Just because an artist is “good” at one thing does not mean that they must stick to that thing — and it also doesn’t mean that any of their sideline artistic endeavors should remain private, no matter how bad they are. The very nature of a celebrity’s life makes all of their work much more public. If James Franco writes a short story, is he going to post it to an unseen Tumblr, or is he going to pitch it to Esquire, who will run it, quality be damned, for the clicks? If Shia LaBeouf is going to start actively devoting himself to Metamodernism, we’re all going to know about it. His forays into art are not going to be unseen things, because he is not, as much as he says he wants to be, an unseen person. This is exactly the type of thing Kanye is fighting against — and yet we chastise him for it.
Kanye, more than anything, seems to wish that he could toil away at fashion in obscurity, that he could go to school and learn from the masters before he’s forced to make clothes on a public stage.
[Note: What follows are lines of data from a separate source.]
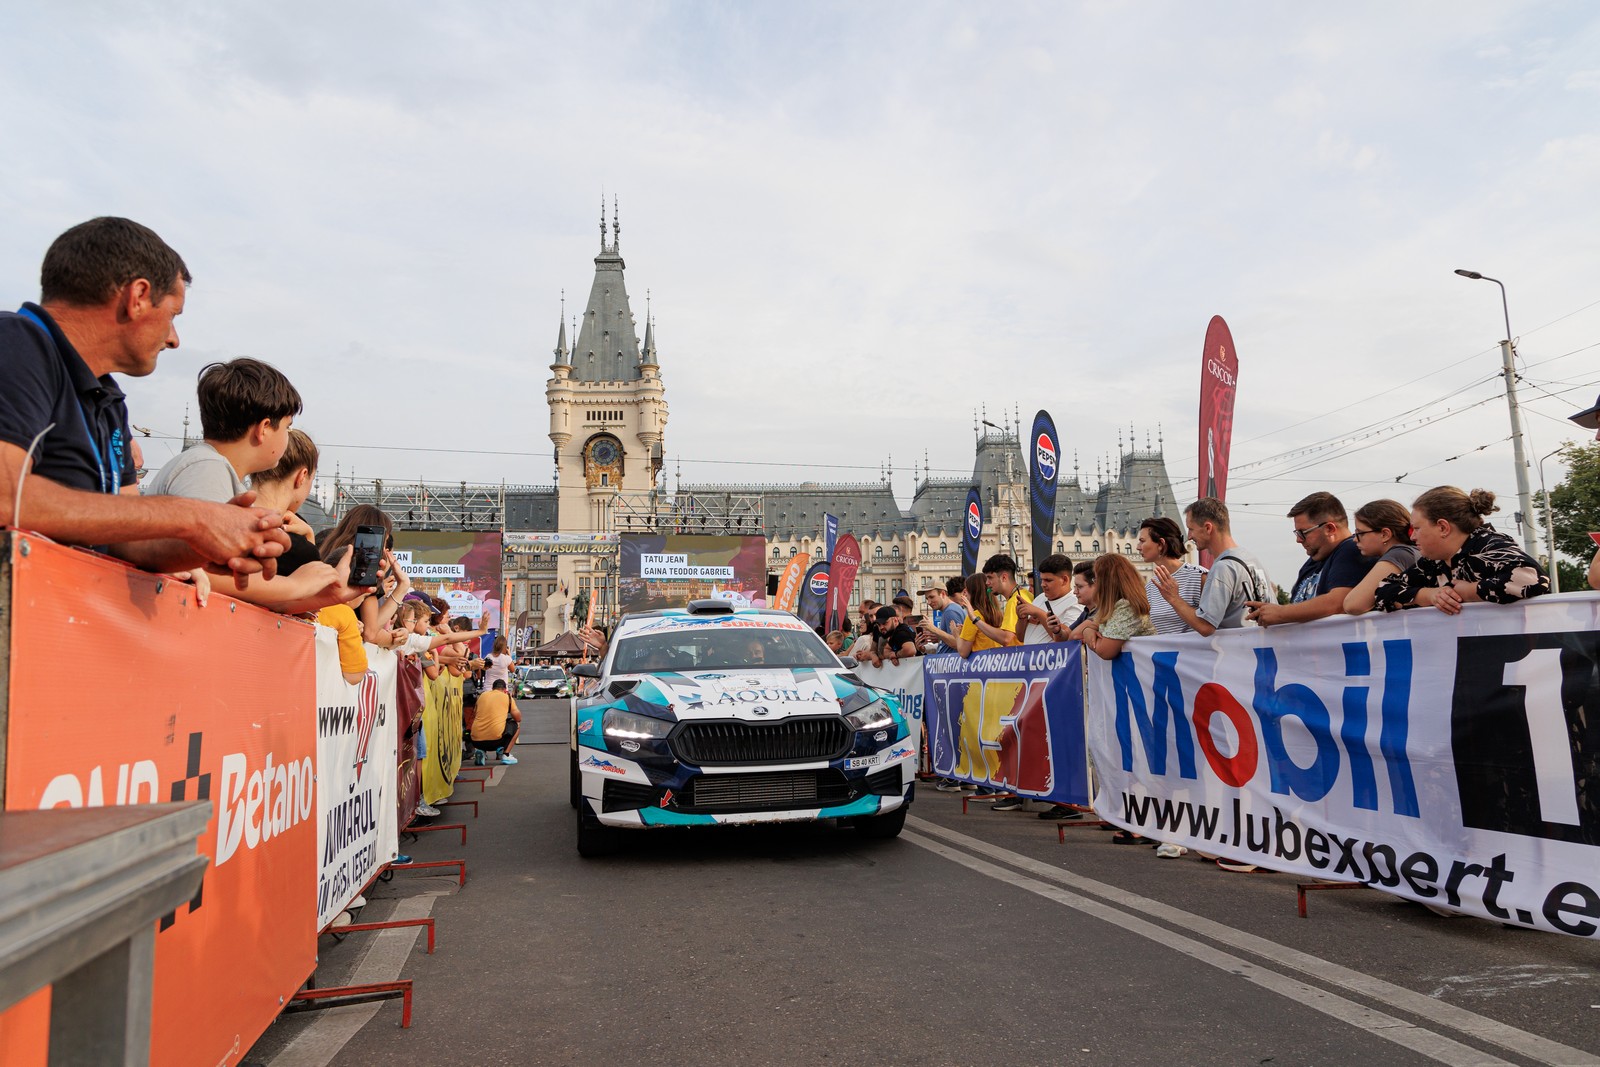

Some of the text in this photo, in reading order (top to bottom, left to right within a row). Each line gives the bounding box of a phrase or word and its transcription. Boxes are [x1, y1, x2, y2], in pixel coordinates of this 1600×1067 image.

[590, 544, 617, 553] 2024
[392, 553, 408, 561] AN
[644, 555, 684, 563] TATU JEAN
[836, 555, 858, 566] CRICOVA
[401, 566, 461, 574] ODOR GABRIEL
[644, 567, 731, 575] GAINA TEODOR GABRIEL
[780, 563, 800, 610] tano
[970, 651, 1026, 673] CONSILIUL
[1029, 647, 1069, 671] LOCAL
[717, 689, 832, 704] AQUILA
[1111, 639, 1580, 826] Mobil 1
[215, 752, 314, 867] Betano
[1122, 790, 1600, 938] www.lubexpert.e
But his very existence denies him that. He’s made that storefront bed for himself. You can blame him for that, for marrying a reality TV star. But you can’t blame him for not just lying idly in that bed.
In Smith’s takedown of Franco, she writes, “Perhaps James Franco should just stick to acting. He remains embarrassingly clueless when it comes to art.” What is wrong with cluelessness? Isn’t every artist, at their beginning, clueless? The difference is that “every artist” works through that cluelessness in private, which is a luxury celebrities either aren’t afforded or, at the very least, do not choose. And what artist would choose to work in private, their work unseen?
Getting angry at these famous dilettantes is, at its very base, getting angry at people for doing ambitious things. And that’s where the old adage comes in: if you don’t like it, don’t look at it. The next time a superstar writes a short story, don’t click on it. I dare you. But if you do, don’t complain about it.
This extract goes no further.